Databricks Spark Architecture: Comprehensive Guide

All the Key Points...

Here we are going to learn the complete architecture of Databricks with spark including each layer and component of the architecture.

The architecture of Databricks is categorized into three significant layers, the first one is Cloud Service, the second one is the Runtime layers, and the last is Workspace.
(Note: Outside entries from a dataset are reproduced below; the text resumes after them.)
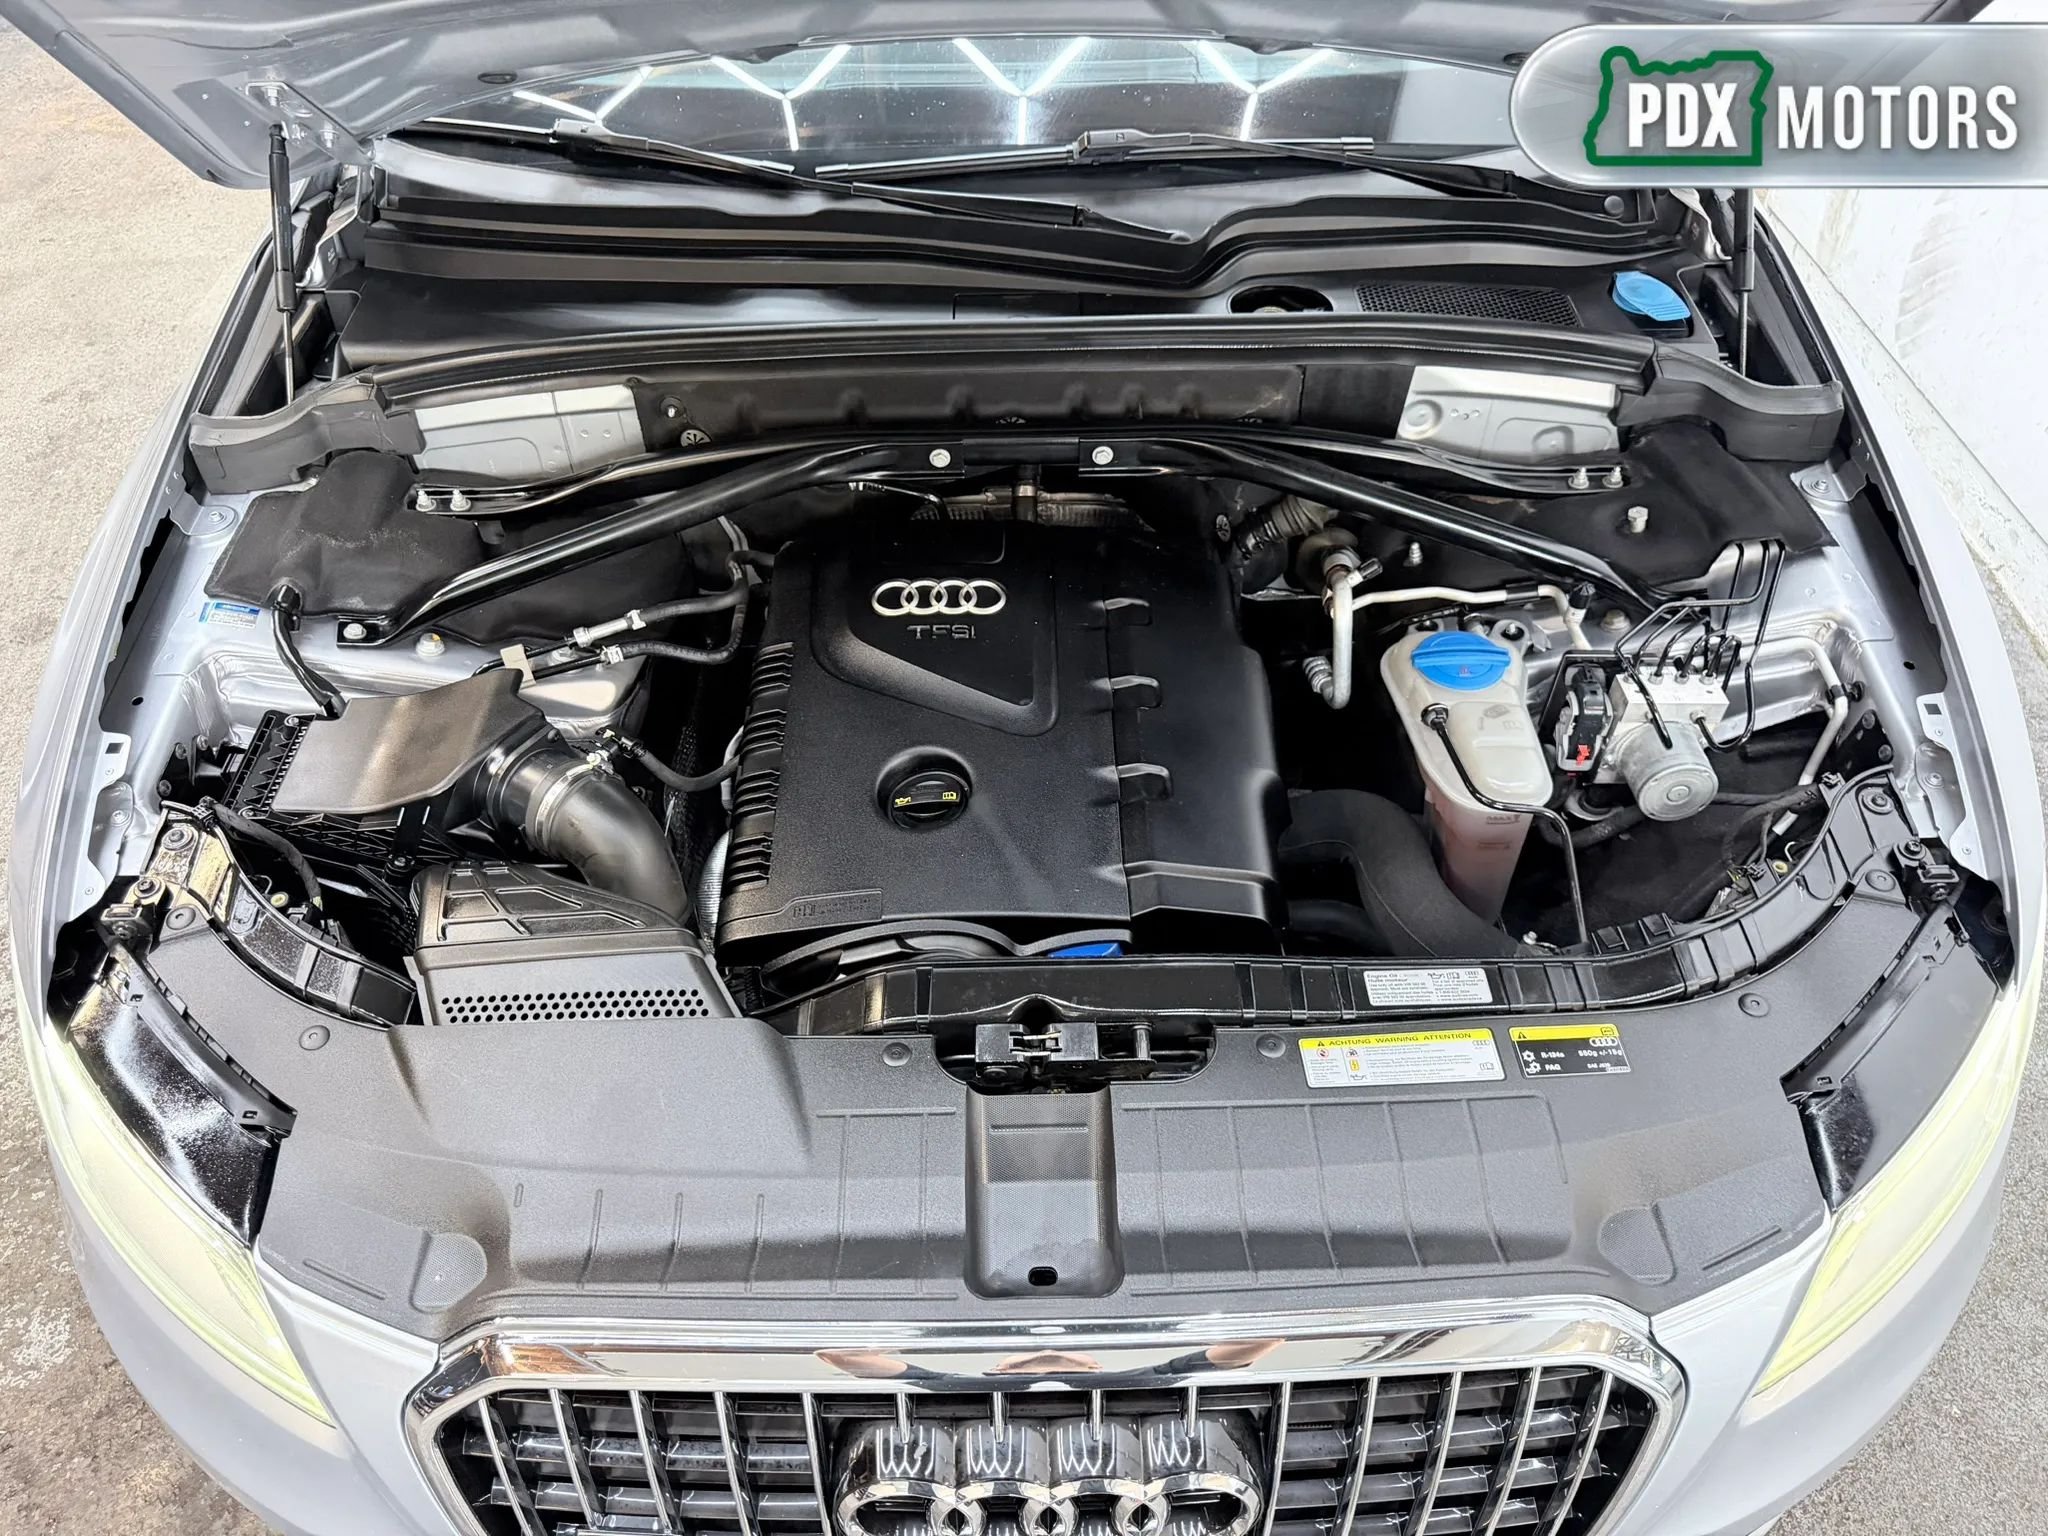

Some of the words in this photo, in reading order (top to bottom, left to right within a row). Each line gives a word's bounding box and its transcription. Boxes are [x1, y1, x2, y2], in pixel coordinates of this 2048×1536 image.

[906, 624, 976, 640] TFSI
[1328, 1038, 1372, 1046] ACHTUNG
[1375, 1036, 1419, 1044] WARNING
[1423, 1033, 1473, 1042] ATTENTION
[1544, 1063, 1562, 1071] PAG
Before getting direct to Databricks with spark architecture first deep dive into each layer of Databricks and understand their components one by one with their usage.

Important Layers of Databricks with Spark Architecture

Databricks has multiple layers of abstraction but here we are going to focus on three main layers those are cover all the modules and services on Databricks.

1. Cloud Service.

Databricks are available on This Top-level cloud platform including Microsoft Azure and Amazon Web Services and Google cloud.

You may have an idea about virtual machines or VM, implementing and running the VM in the cloud is easy in today’s world.

Whereas Databricks mostly runs on the cloud system, which provides VMs or nodes of a cluster after selecting config and it enables to launch of multiple clusters at a time.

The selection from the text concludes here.